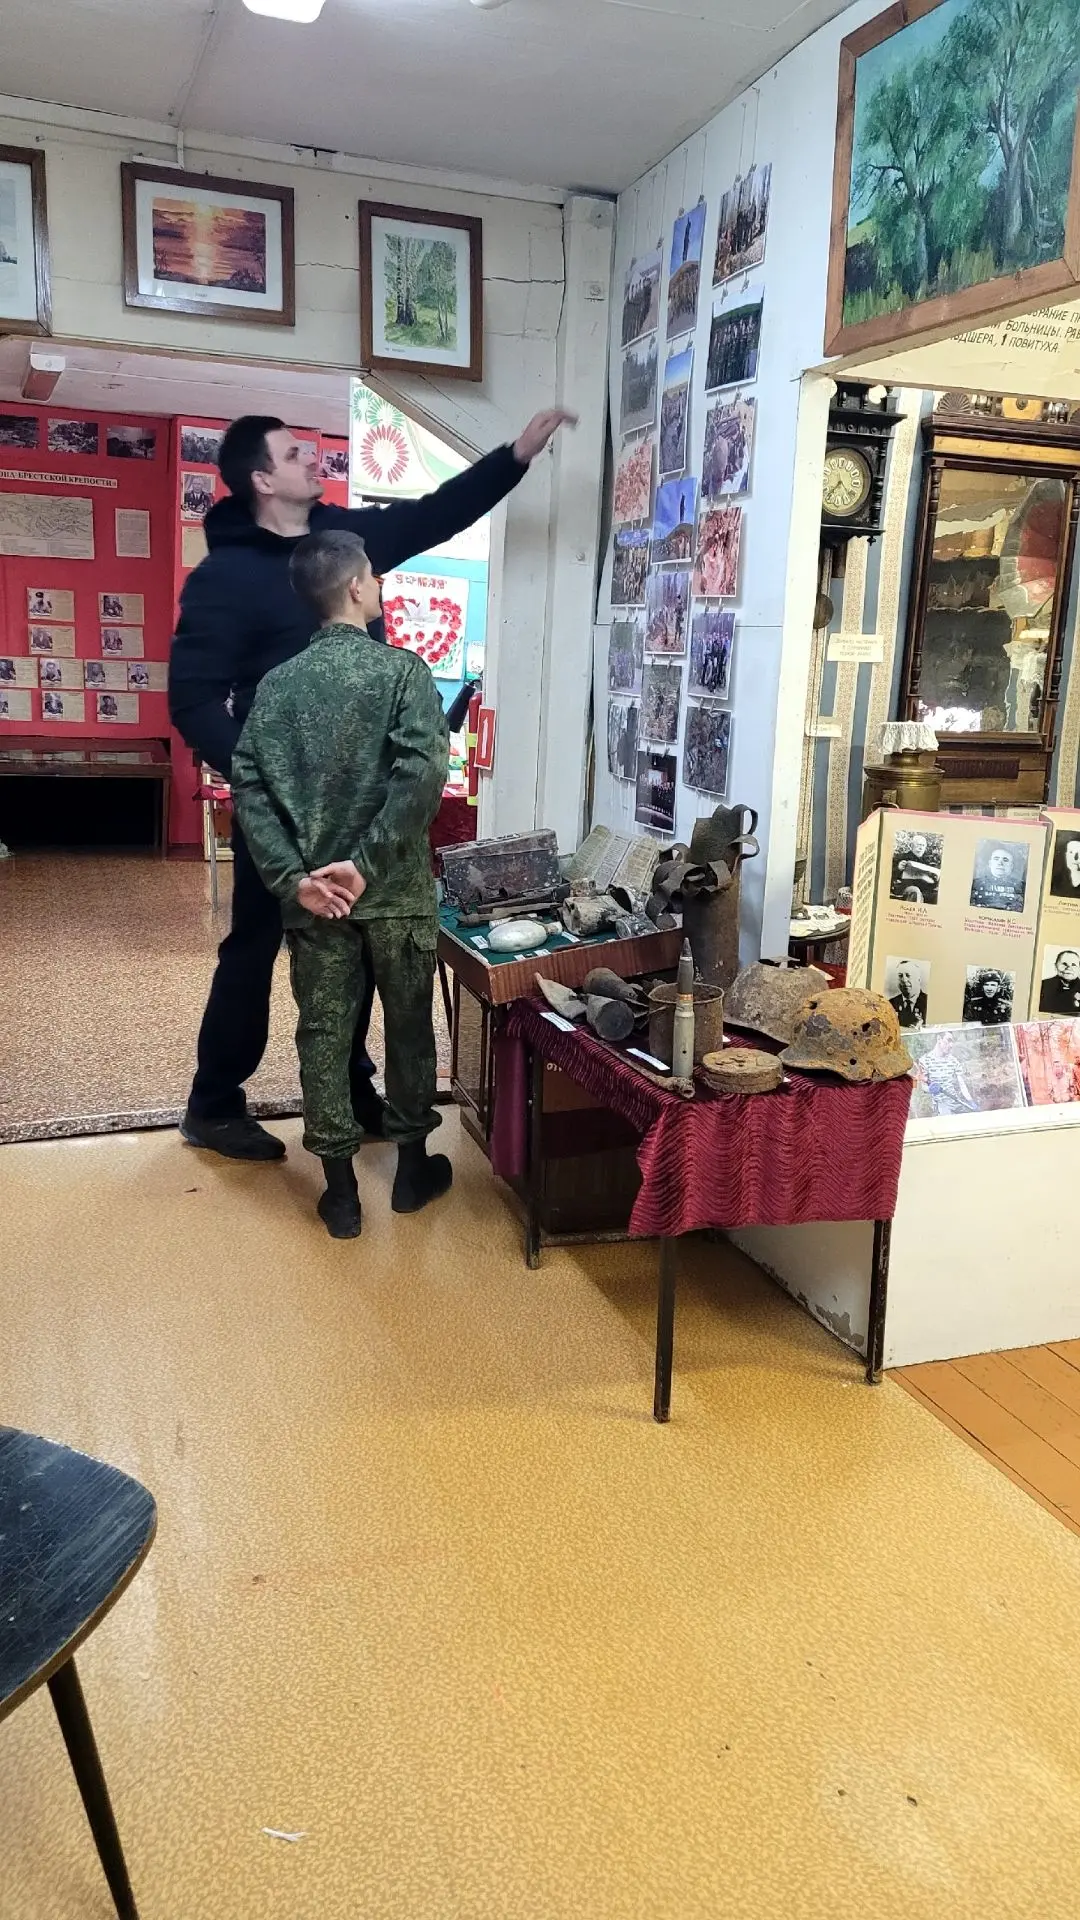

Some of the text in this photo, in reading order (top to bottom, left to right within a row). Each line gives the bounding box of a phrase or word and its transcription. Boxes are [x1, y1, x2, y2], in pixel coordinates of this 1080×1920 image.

[1001, 333, 1008, 346] 1
[1009, 336, 1061, 353] ПОВИТУХА.
[18, 473, 67, 482] БРЕСТСКОЙ
[68, 476, 112, 487] КРЕПОСТИ
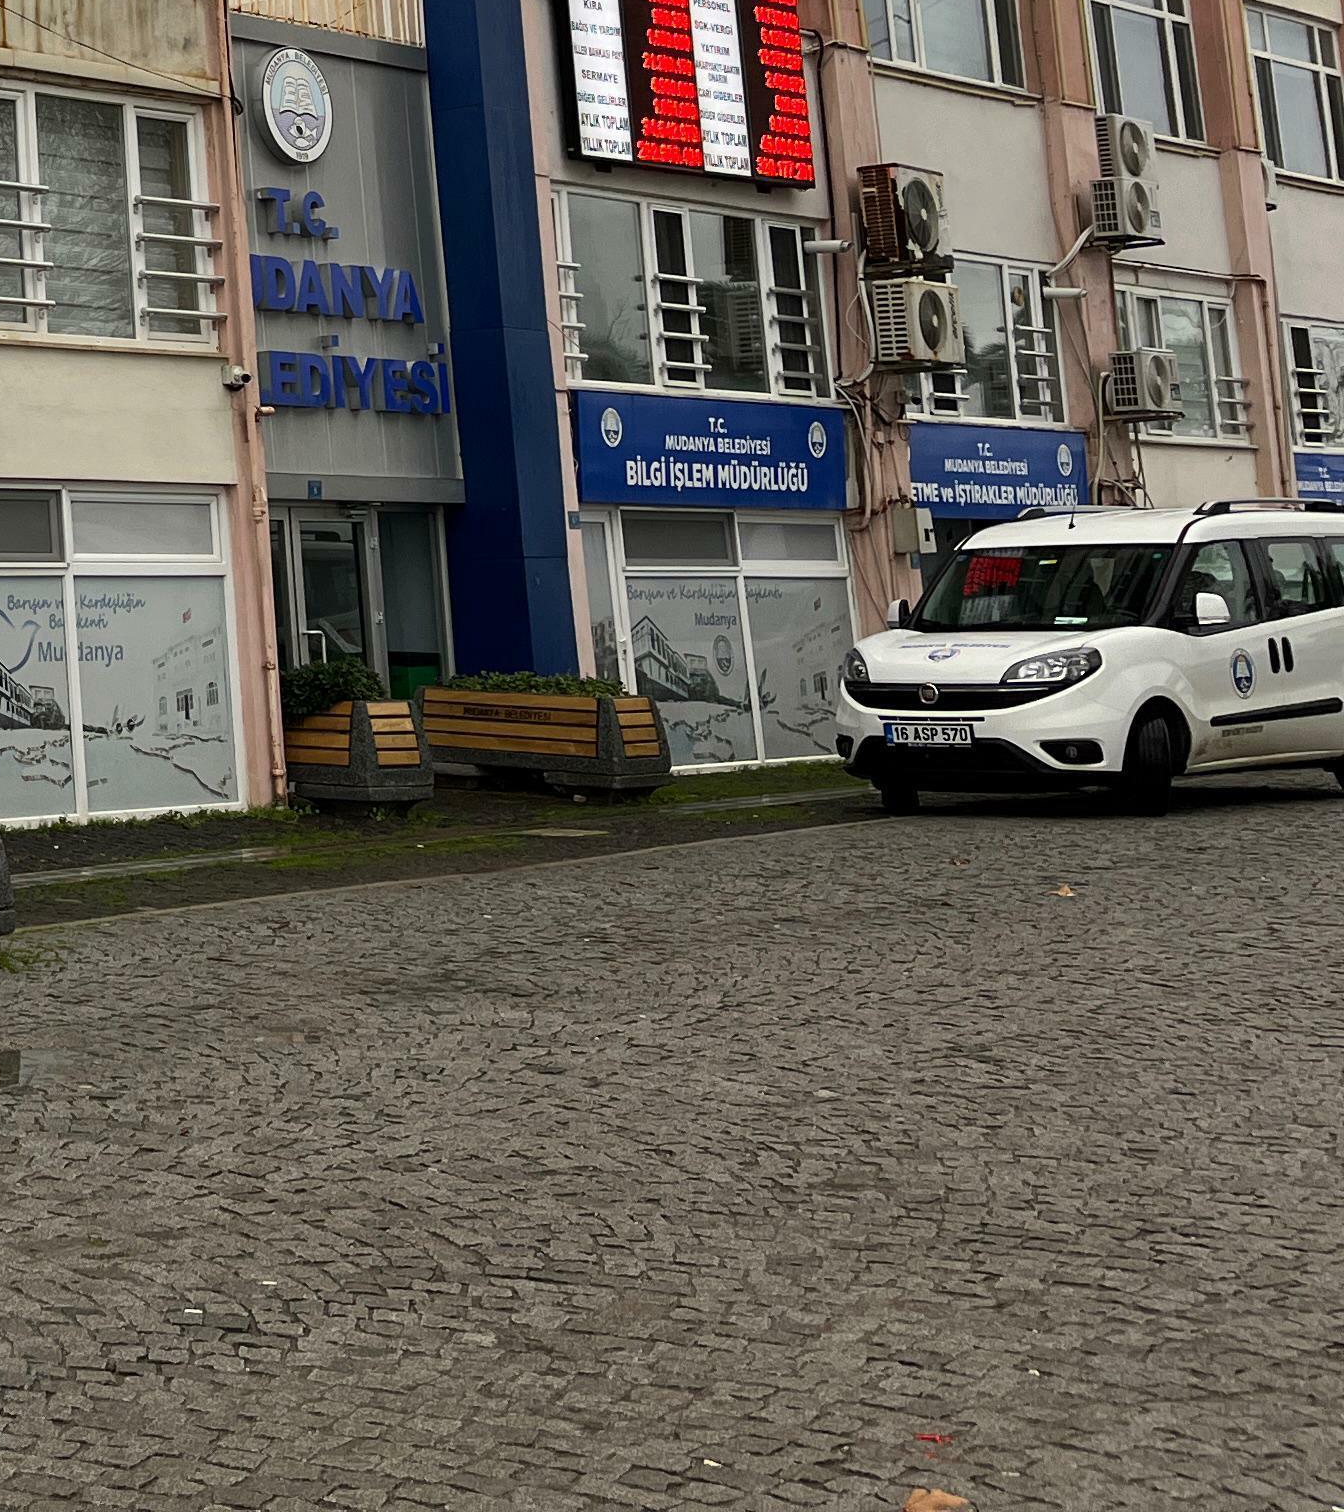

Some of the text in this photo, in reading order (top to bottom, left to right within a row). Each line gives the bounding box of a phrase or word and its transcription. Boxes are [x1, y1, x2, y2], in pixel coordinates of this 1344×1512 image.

[581, 69, 619, 84] SERMAYE
[259, 187, 339, 240] T.C.
[708, 417, 728, 433] T.C.
[665, 434, 771, 455] MUDANYA BELEDİYESİ
[977, 443, 993, 457] T.C.
[625, 455, 808, 492] BİLGİ İŞLEM MÜDÜRLÜĞÜ
[944, 458, 1028, 475] MUDANYA BELEDİYESİ
[941, 487, 954, 502] ve
[954, 479, 1015, 506] İŞTİRAKLER
[695, 612, 737, 629] Mudanya
[894, 727, 968, 742] 16 ASP 570
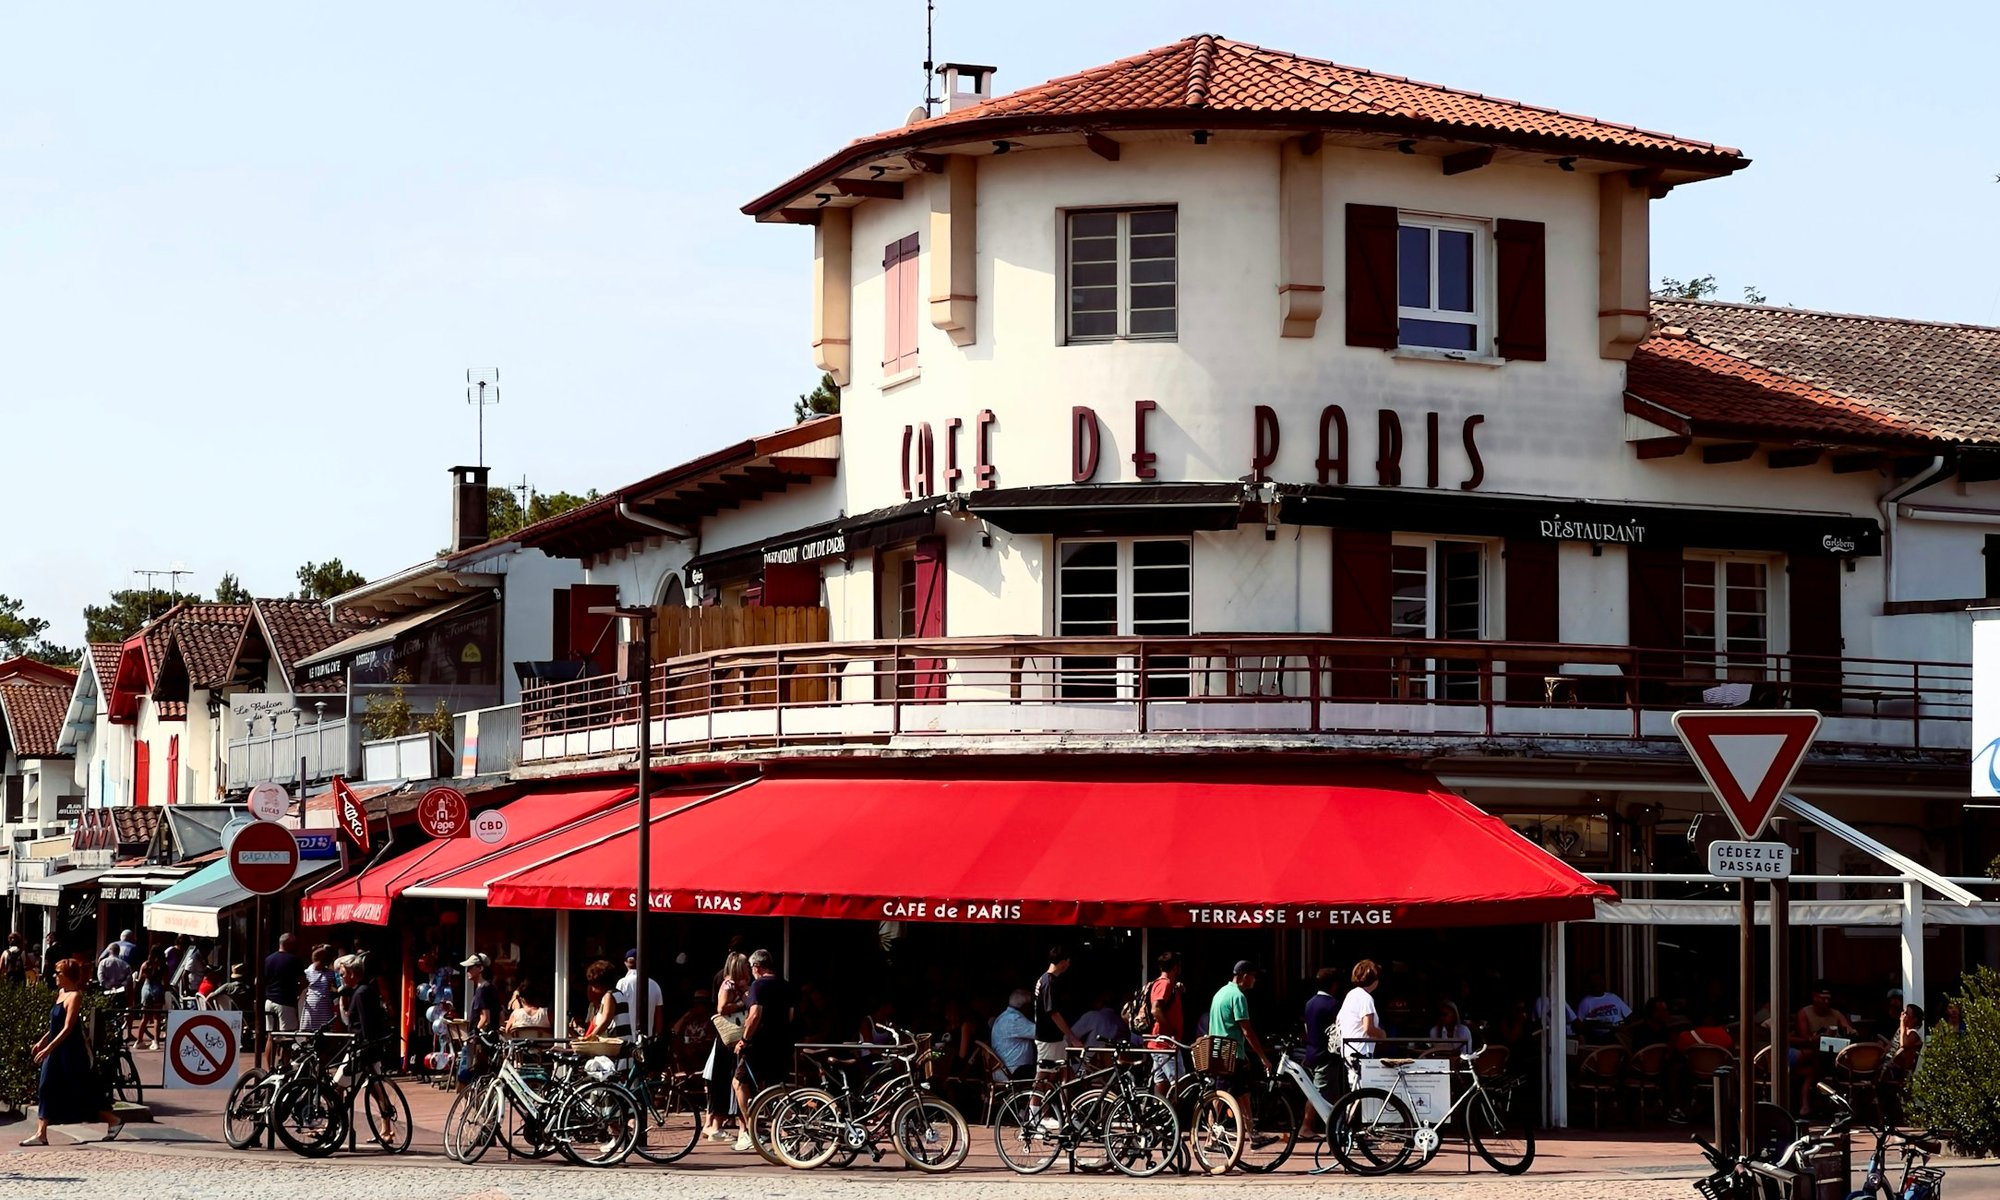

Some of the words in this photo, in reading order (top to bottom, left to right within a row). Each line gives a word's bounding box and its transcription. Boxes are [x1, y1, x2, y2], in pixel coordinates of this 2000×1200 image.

[1072, 400, 1157, 483] DE
[1250, 404, 1485, 490] PARIS
[1822, 534, 1855, 552] Carlsberg
[250, 700, 283, 711] Balcon
[261, 806, 280, 815] LUCAS
[339, 791, 364, 837] TABAC
[430, 820, 455, 832] Vape
[479, 820, 503, 831] CBD
[1717, 845, 1761, 859] CÉDEZ
[1769, 849, 1784, 860] LE
[1720, 860, 1781, 873] PASSAGE
[585, 892, 610, 906] BAR
[629, 892, 672, 908] SACK
[695, 895, 742, 911] TAPAS
[883, 902, 927, 917] CAFE
[934, 903, 959, 918] de
[967, 904, 1021, 919] PARIS
[1189, 909, 1286, 924] TERRASSE
[1296, 909, 1322, 924] 1er
[1329, 909, 1392, 924] ETAGE
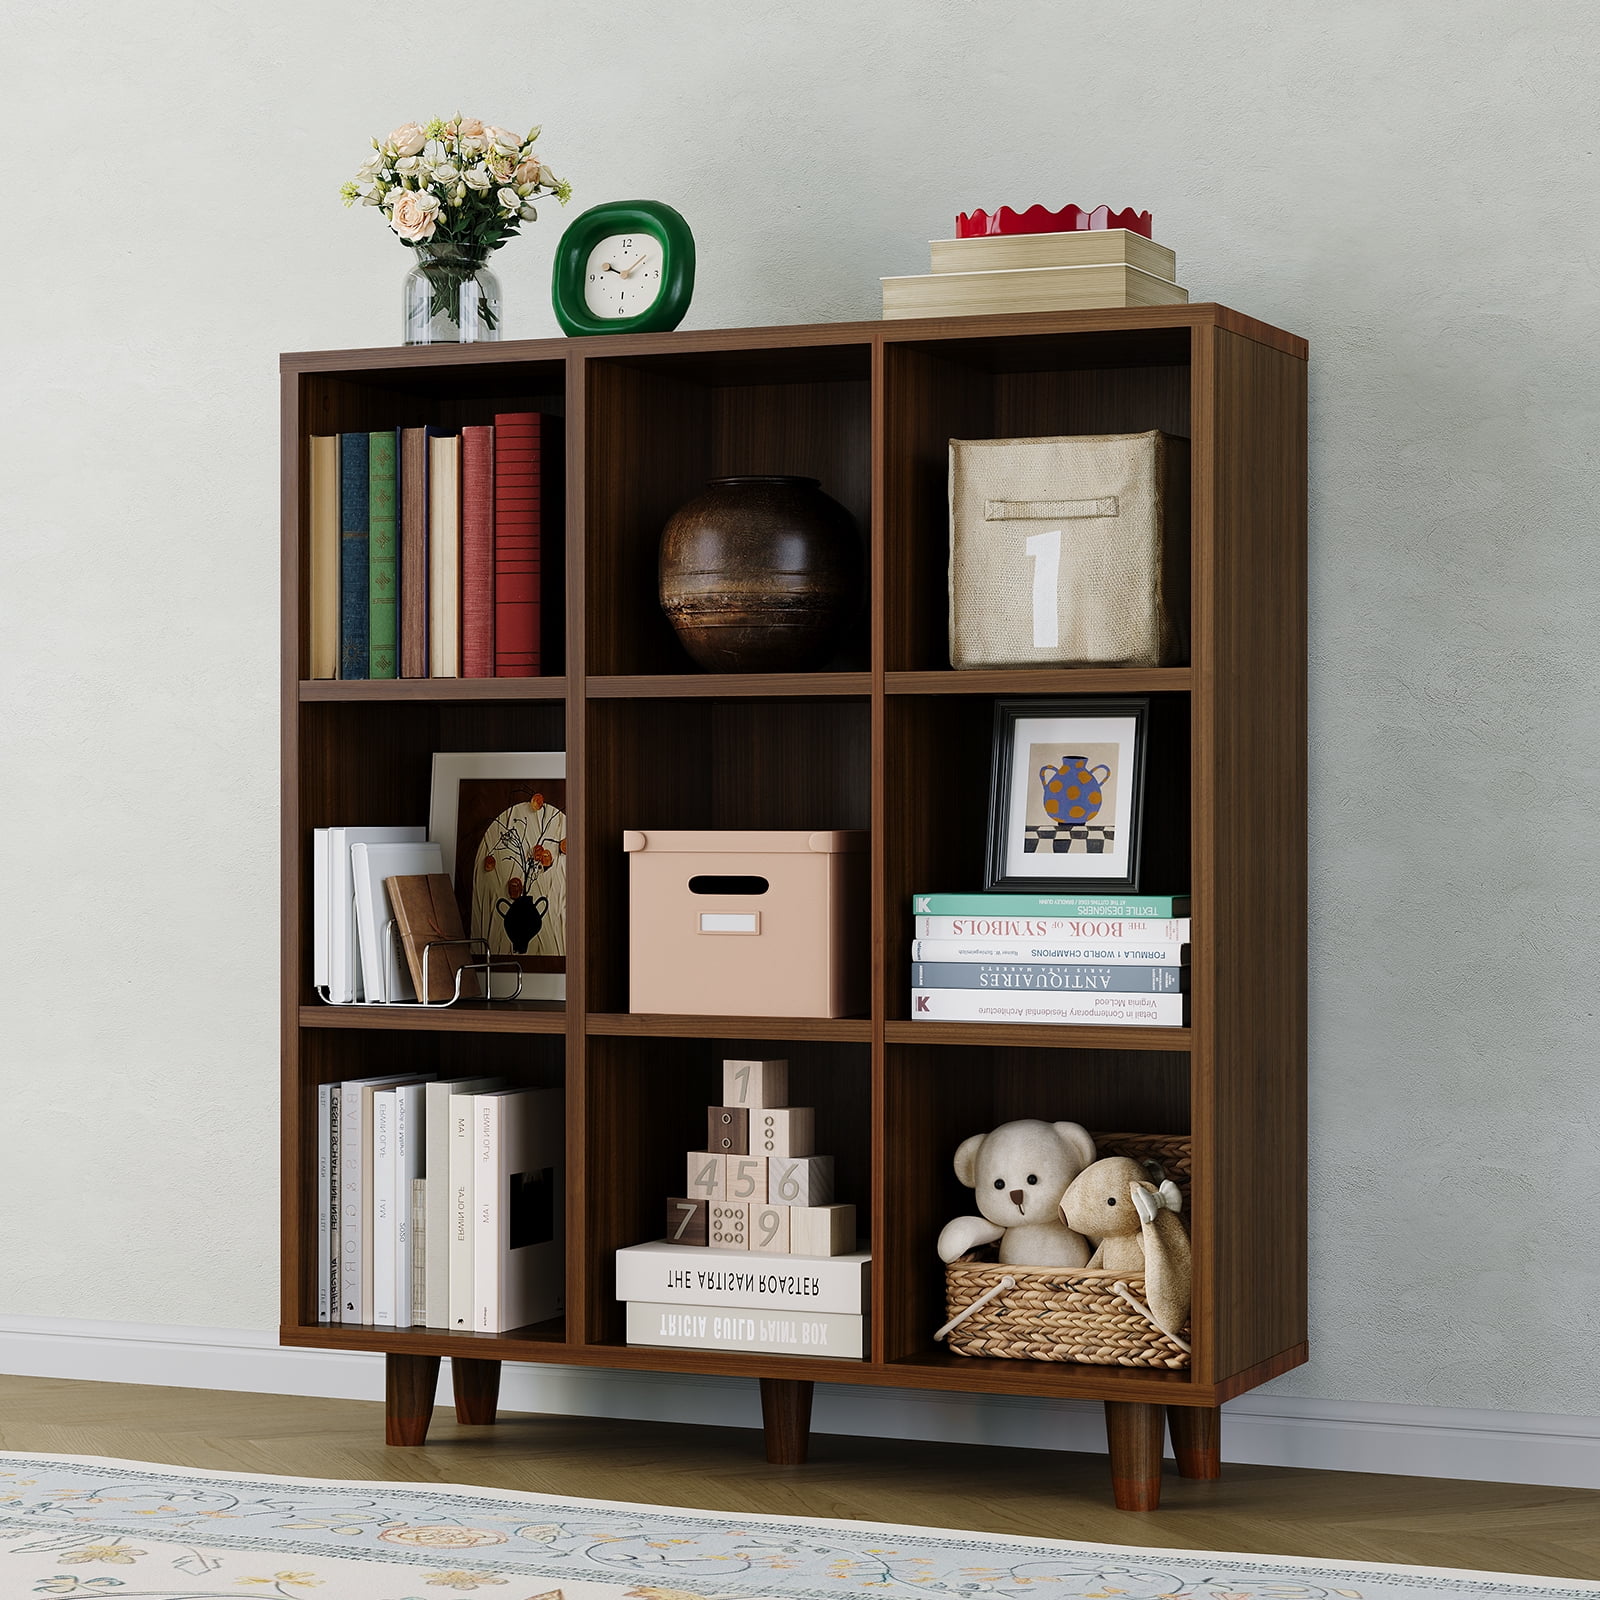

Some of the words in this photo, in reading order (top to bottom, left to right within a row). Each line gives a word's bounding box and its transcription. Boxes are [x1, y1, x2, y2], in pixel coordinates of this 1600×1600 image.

-.-.-

INSTRUCTIONS TO FOLLOW => Beginning with the line that contains "this 2000×1200 image." and ending with the final line of the material, reproduce those lines exactly and nothing else. Omit the pictures.

RESPONSE TO THE EXERCISE =>
Some of the words in this photo, in reading order (top to bottom, left to right within a row). Each line gives a word's bounding box and its transcription. Boxes are [x1, y1, x2, y2], in pixel coordinates of this 2000×1200 image.

[1072, 400, 1157, 483] DE
[1250, 404, 1485, 490] PARIS
[1822, 534, 1855, 552] Carlsberg
[250, 700, 283, 711] Balcon
[261, 806, 280, 815] LUCAS
[339, 791, 364, 837] TABAC
[430, 820, 455, 832] Vape
[479, 820, 503, 831] CBD
[1717, 845, 1761, 859] CÉDEZ
[1769, 849, 1784, 860] LE
[1720, 860, 1781, 873] PASSAGE
[585, 892, 610, 906] BAR
[629, 892, 672, 908] SACK
[695, 895, 742, 911] TAPAS
[883, 902, 927, 917] CAFE
[934, 903, 959, 918] de
[967, 904, 1021, 919] PARIS
[1189, 909, 1286, 924] TERRASSE
[1296, 909, 1322, 924] 1er
[1329, 909, 1392, 924] ETAGE

Some of the words in this photo, in reading order (top to bottom, left to right within a row). Each line gives a word's bounding box and its transcription. Boxes are [x1, y1, x2, y2], in pixel coordinates of this 1600×1600 image.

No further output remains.